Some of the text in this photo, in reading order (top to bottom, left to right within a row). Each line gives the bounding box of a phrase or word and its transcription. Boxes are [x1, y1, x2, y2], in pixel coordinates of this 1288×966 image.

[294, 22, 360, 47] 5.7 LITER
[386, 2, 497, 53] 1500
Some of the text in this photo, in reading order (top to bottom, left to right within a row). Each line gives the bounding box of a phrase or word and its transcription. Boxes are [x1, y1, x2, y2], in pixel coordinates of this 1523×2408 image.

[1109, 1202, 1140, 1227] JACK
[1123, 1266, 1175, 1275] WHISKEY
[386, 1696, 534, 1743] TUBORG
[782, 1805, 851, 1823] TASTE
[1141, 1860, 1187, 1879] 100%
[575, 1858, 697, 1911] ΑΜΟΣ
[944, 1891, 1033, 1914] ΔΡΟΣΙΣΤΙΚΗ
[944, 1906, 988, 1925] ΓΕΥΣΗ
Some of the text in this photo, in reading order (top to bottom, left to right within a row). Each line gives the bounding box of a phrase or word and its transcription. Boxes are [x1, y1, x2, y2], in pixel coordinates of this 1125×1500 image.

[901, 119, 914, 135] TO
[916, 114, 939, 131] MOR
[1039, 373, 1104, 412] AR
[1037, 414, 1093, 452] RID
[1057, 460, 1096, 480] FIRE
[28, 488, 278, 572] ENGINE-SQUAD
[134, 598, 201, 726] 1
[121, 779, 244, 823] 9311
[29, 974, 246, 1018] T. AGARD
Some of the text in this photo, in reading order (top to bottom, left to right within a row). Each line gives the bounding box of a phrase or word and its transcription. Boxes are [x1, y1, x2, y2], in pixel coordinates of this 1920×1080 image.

→ Work item
Reproduce the material in full, with no word added or dropped.

→ Answer space
Some of the text in this photo, in reading order (top to bottom, left to right within a row). Each line gives the bounding box of a phrase or word and its transcription. Boxes are [x1, y1, x2, y2], in pixel coordinates of this 1288×966 image.

[294, 22, 360, 47] 5.7 LITER
[386, 2, 497, 53] 1500
Some of the text in this photo, in reading order (top to bottom, left to right within a row). Each line gives the bounding box of a phrase or word and its transcription. Boxes are [x1, y1, x2, y2], in pixel coordinates of this 1523×2408 image.

[1109, 1202, 1140, 1227] JACK
[1123, 1266, 1175, 1275] WHISKEY
[386, 1696, 534, 1743] TUBORG
[782, 1805, 851, 1823] TASTE
[1141, 1860, 1187, 1879] 100%
[575, 1858, 697, 1911] ΑΜΟΣ
[944, 1891, 1033, 1914] ΔΡΟΣΙΣΤΙΚΗ
[944, 1906, 988, 1925] ΓΕΥΣΗ
Some of the text in this photo, in reading order (top to bottom, left to right within a row). Each line gives the bounding box of a phrase or word and its transcription. Boxes are [x1, y1, x2, y2], in pixel coordinates of this 1125×1500 image.

[901, 119, 914, 135] TO
[916, 114, 939, 131] MOR
[1039, 373, 1104, 412] AR
[1037, 414, 1093, 452] RID
[1057, 460, 1096, 480] FIRE
[28, 488, 278, 572] ENGINE-SQUAD
[134, 598, 201, 726] 1
[121, 779, 244, 823] 9311
[29, 974, 246, 1018] T. AGARD
Some of the text in this photo, in reading order (top to bottom, left to right within a row). Each line gives the bounding box of a phrase or word and its transcription. Boxes are [x1, y1, x2, y2], in pixel coordinates of this 1920×1080 image.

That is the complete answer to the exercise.